Your Host         « Dutch Rhudy Logo  D u t c h    R h u d y »


The Authors Corner

Archives May 2008 - March 2011


Blog posts recovered from the Maryville Authors' Guild electronic bulletin board for members, and transcripts posted on My Page.


NOTE:  Blog Posts appear with the latest entry at the top.


2011-03-19 Update:  Most of my previous updates were from selected transcripts made from my turn at the podium during our Maryville Authors' Guild general meetings.  A few come from posts I made to our forum boards before the site meltdown.  I've been walking on very thin ice this past year since my major heart attack.  However, not able to do much of anything else, I've have had all the time in the world to recompile my notes and write.  The backstory and backgrounders I have written and added to a little at a time, needed a major rewrite to keep things from getting out of order again.

I changed gears more or less and decided to write a history of my town, covering all the major highlights I deemed noteworthy.  This history draft, which covers a time period from 1807-1976 is the basis for the town itself.  I am quite pleased with these highlighted events and how this draft turned out.

On another note, I have been studying four possible ways to present the opening for the first novel in the series.  Presenting these for review during our small group team sessions caused a few conflict of interests with other authors who were taking the same approaches as I experimented with.  Hearing each authors ideas, I decided to come up with something none of them have ever mentioned before, and chose not to return to the group or attend the Maryville Authors' Guild meetings any longer.  I did join up with a few locals at a separate critique group, and they introduced me to the Knoxville Writers' Guild.  I attended an introductory meeting on March 3rd and joined their guild at their next meeting.




2011-01-15 Update:  Transcribed from our Maryville Authors' Guild meeting.  I'm only given five minutes to bring everyone up to speed.  I do not have much to add from what I have covered over the past two meetings.  Most of the work has revolved around building character and scene sketches, and starting on a written all-encompassing backstory.  This has taken a considerable amount of time and produced many changes to my small working outlines.

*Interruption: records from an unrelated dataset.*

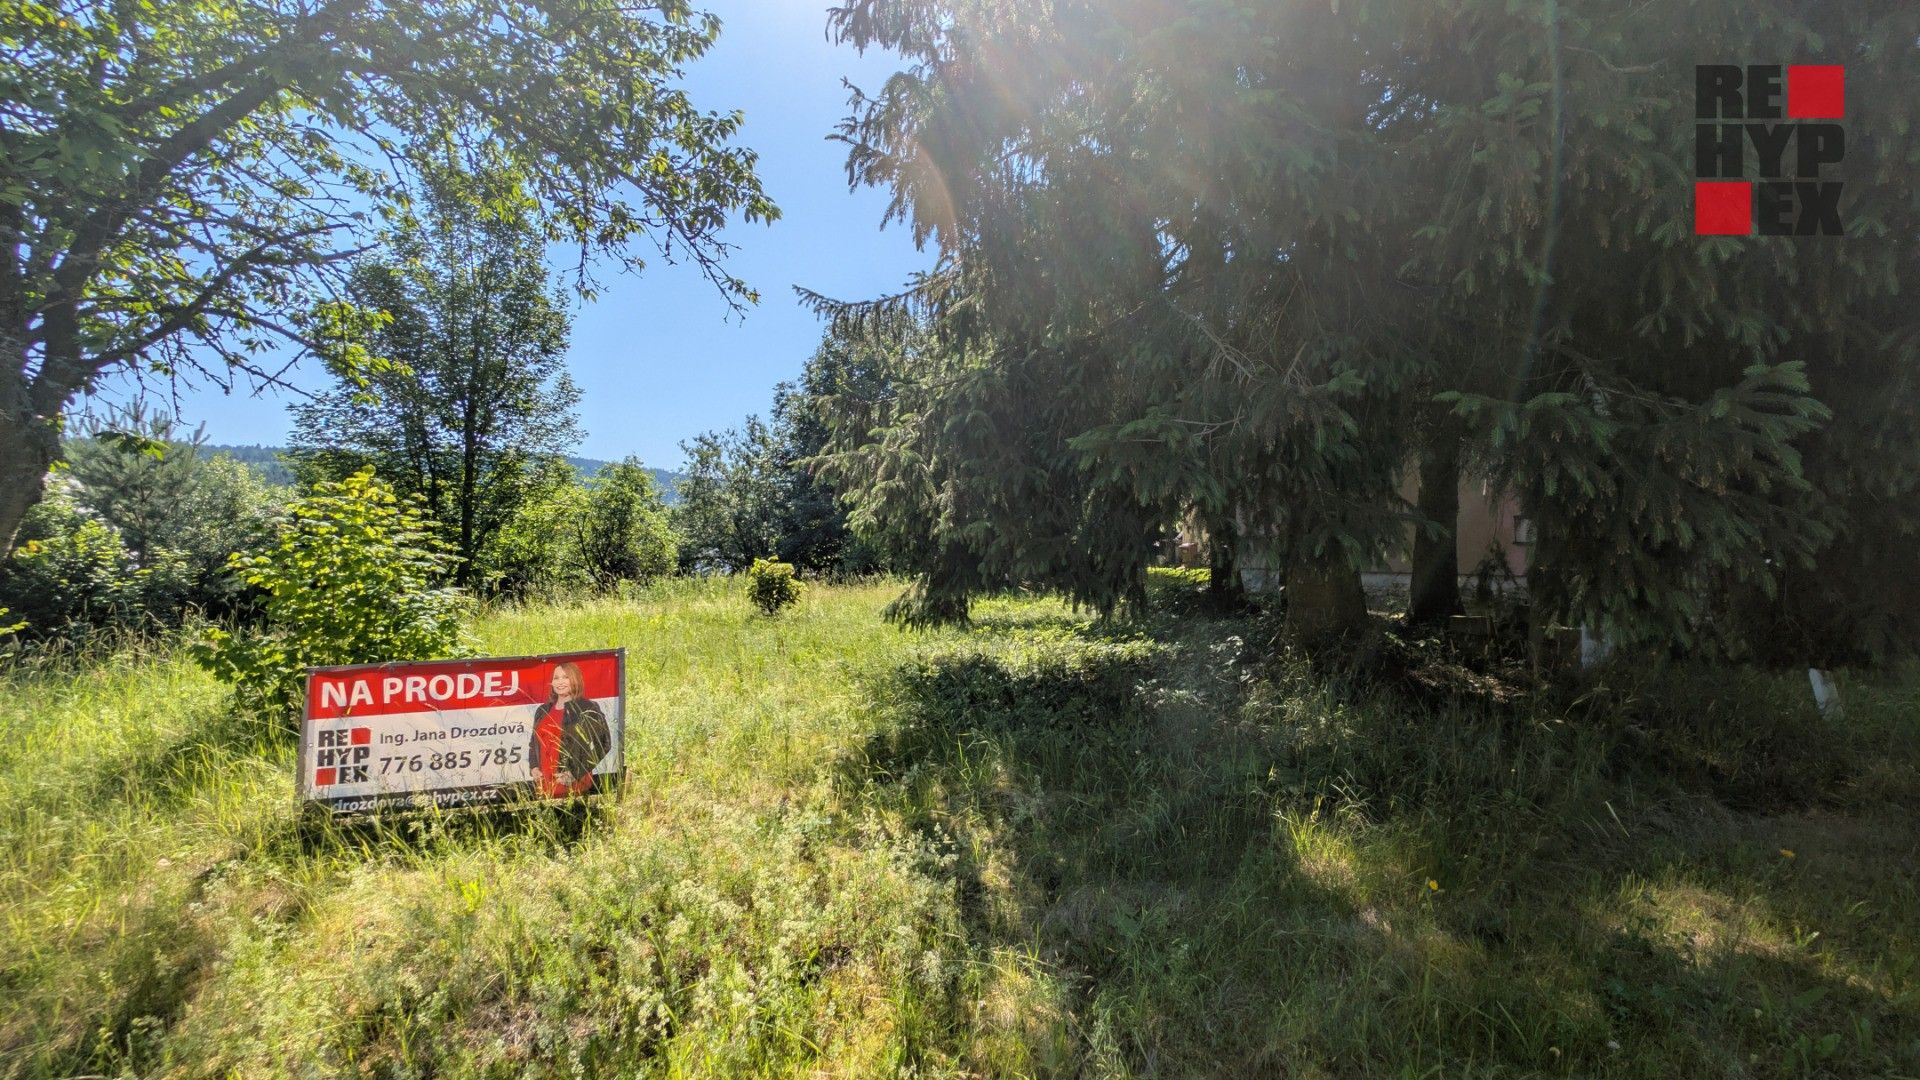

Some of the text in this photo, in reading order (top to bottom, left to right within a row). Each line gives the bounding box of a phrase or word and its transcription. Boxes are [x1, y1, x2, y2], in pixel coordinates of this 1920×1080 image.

[321, 670, 520, 708] NA PRODEJ
[318, 729, 348, 747] RE
[380, 722, 525, 746] Ing. Jana Drozdová
[317, 747, 370, 767] HYP
[380, 746, 522, 775] 776 885 785
[339, 765, 368, 784] EX
[333, 789, 497, 811] drozdova@ehypex.cz

The overarching outline now spans a time period of 175 years, and I have several broad outlines for each time period.  For each of these outlines, I have the associated maps for how the city and its population has grown.  On an interesting note, I am interviewing my characters independent of the story, to learn each character more intimately.  Over the next month, I will take each character and have them write the story from their point of view, then study these to see what they come up with that I never would have considered.




2010-10-16 Update:  Guild meeting transcription.  The results of my questionnaire from last month have determined which names will be used.  Thank you for participating, it helped tremendously.  Dorsey ran each of the names through the the databases his company has access to and all but two were clear and free to use.  Bluff Mountain and Horseshoe Bend, were not clear, but not considered unusable due to commonality.  Due to our general meetings being open to the public, the board of directors have advised against sharing the finer details of our works in progress in this venue.  I was asked not to run through the list of top names selected and only speak in generalities, which would be helpful to everyone.  In keeping with that request, I will give an overview of what steps, not already discussed, were taken to arrive where we are today.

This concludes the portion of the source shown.